I notice she doesn’t deny putting the frighteners on people though.

“So come on, Dartington. What was that all about?” Hiding your sordid love match with Max Reigate? I ask in my head. Then I think what the heck, why not, I’m pregnant, I can get away with anything, and I owe this woman nothing. I ask it out loud too.

“Yes, I was close to Max Reigate.”

Ha! Thought so.

“But I was close to Sophie too. We were next but one neighbours and great friends. Both thought we were bigger than Dartington, and told each other we were. I was Will’s godmother. You know what that means, being a godmother? If the child’s parents die, you have to…”

“Yes, yes, you have to look after them,” I mutter, irritated. I’m all over this stuff. We’ve been deliberating Leo’s prospective godparents since forever.

“But they never tell you what’s to happen if the child kills the parents,” Gillian says.

What? If the child kills…

I shake my head.
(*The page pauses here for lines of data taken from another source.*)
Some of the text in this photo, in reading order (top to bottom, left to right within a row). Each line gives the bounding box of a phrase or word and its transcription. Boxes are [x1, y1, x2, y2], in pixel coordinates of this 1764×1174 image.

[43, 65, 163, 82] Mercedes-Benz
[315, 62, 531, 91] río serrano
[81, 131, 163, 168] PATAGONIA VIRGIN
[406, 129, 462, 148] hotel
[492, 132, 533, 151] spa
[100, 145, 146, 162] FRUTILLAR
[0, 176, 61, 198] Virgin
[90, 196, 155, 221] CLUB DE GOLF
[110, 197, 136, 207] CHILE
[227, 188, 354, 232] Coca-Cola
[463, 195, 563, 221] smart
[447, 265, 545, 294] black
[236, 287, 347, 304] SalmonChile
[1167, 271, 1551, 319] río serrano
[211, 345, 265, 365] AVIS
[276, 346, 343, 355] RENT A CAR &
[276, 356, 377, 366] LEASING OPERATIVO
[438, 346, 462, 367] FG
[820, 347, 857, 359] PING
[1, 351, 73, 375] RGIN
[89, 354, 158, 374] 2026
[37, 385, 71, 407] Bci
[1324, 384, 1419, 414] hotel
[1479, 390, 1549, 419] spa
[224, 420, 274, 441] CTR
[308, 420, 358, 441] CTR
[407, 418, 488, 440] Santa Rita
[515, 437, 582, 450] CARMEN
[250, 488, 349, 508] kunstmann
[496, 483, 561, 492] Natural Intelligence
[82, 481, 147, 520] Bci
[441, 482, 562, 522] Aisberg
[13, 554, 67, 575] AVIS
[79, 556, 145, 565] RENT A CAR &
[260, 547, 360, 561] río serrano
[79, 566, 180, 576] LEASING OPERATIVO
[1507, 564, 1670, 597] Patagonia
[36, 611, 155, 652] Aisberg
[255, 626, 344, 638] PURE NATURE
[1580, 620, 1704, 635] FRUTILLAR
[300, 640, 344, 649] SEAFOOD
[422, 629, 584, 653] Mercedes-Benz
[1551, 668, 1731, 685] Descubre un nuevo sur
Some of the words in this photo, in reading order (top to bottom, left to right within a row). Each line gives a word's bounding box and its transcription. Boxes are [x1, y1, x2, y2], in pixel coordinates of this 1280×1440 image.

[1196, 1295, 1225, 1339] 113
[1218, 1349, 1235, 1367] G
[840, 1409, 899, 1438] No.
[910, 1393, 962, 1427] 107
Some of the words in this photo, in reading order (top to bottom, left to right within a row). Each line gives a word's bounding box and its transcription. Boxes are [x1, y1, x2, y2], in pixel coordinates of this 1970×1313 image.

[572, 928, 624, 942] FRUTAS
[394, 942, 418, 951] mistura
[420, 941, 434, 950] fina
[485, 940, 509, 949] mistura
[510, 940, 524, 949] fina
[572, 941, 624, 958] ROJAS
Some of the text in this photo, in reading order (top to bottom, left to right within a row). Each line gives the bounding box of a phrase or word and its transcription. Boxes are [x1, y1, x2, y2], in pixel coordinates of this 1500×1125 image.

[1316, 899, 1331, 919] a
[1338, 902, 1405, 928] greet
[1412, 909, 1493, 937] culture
I can’t have heard her right.

“I’m sorry?” I ask.

“They don’t tell you what the responsibilities are if your godchild kills one of his parents. His father.”

I can’t stop staring at her. What does she possibly mean? Does she mean Will –? But no. That would be ridiculous. He was only four when Max died.

“Gillian, if you’re trying to tell me Will killed his father, that’s mad.”

Gillian shakes her head. “I wish it was.” There are tears in her voice.

I pause for a moment, trying to work out how to respond. But that’s obvious, isn’t it? Incredulity. She is trying to tell me my husband murdered his father!

“It’s another of your crazy stories, another way to try to keep Will in some made-up world. What next – you’re going to say his mother put him up to it? Which is why he shouldn’t go looking for her?”

“The reason he shouldn’t go looking for her is that she won’t be able to bear to see him. Would you be able to look at your son if he’d murdered your husband? Wouldn’t you give him away?”

My brain is whirling and my pelvis is cramping, but somewhere in the swirl and the pain, what she says makes a horrible kind of sense. Sophie Travers had made the family friends look after her child, because the child had killed the father. And she could no longer look upon his face. But, come on, no, he was four. Max was thirty. How could that happen?

“If, if, what you’re saying is true, how does a four-year-old boy kill a thirty-year-old man?”

“With a hammer,” Gillian says. “With a hammer, in a tantrum. While daddy is fixing the sink.”

I gag. It sounds horribly plausible. I stroke Leo, despite the pain he is giving me.

“Gillian, I – Look, how can I believe this is true? And why the hell are you telling me? You hate me!”

“I’m telling you because you need to understand why Will shouldn’t try to find his mother. Which I believe is what you were helping him do in Dartington. I don’t want to imagine how she will react when she sees him. What if she tells him? It will destroy him.”

It would make sense, Sophie hanging up as soon as I called, as she had done. Sophie not wanting to be found.

“And as for whether what I say is true, it’s all in there.” Gillian gestures at the glove compartment. I stare at it. What could possibly be in there? A bloodied hammer, with Will’s infant fingerprints on it?

“The transcript of the inquest. Never released publicly. To protect Will.”

I fumble to open the glove compartment. My fingers don’t seem to be working properly. The catch keeps slipping beneath my grasp. Finally, I get in there. I see a sheaf of paper in a plastic covering. With shivering hands I take it out.

Gillian drives silently as I read. As I take it all in. Because it’s all there. How Will murdered his father.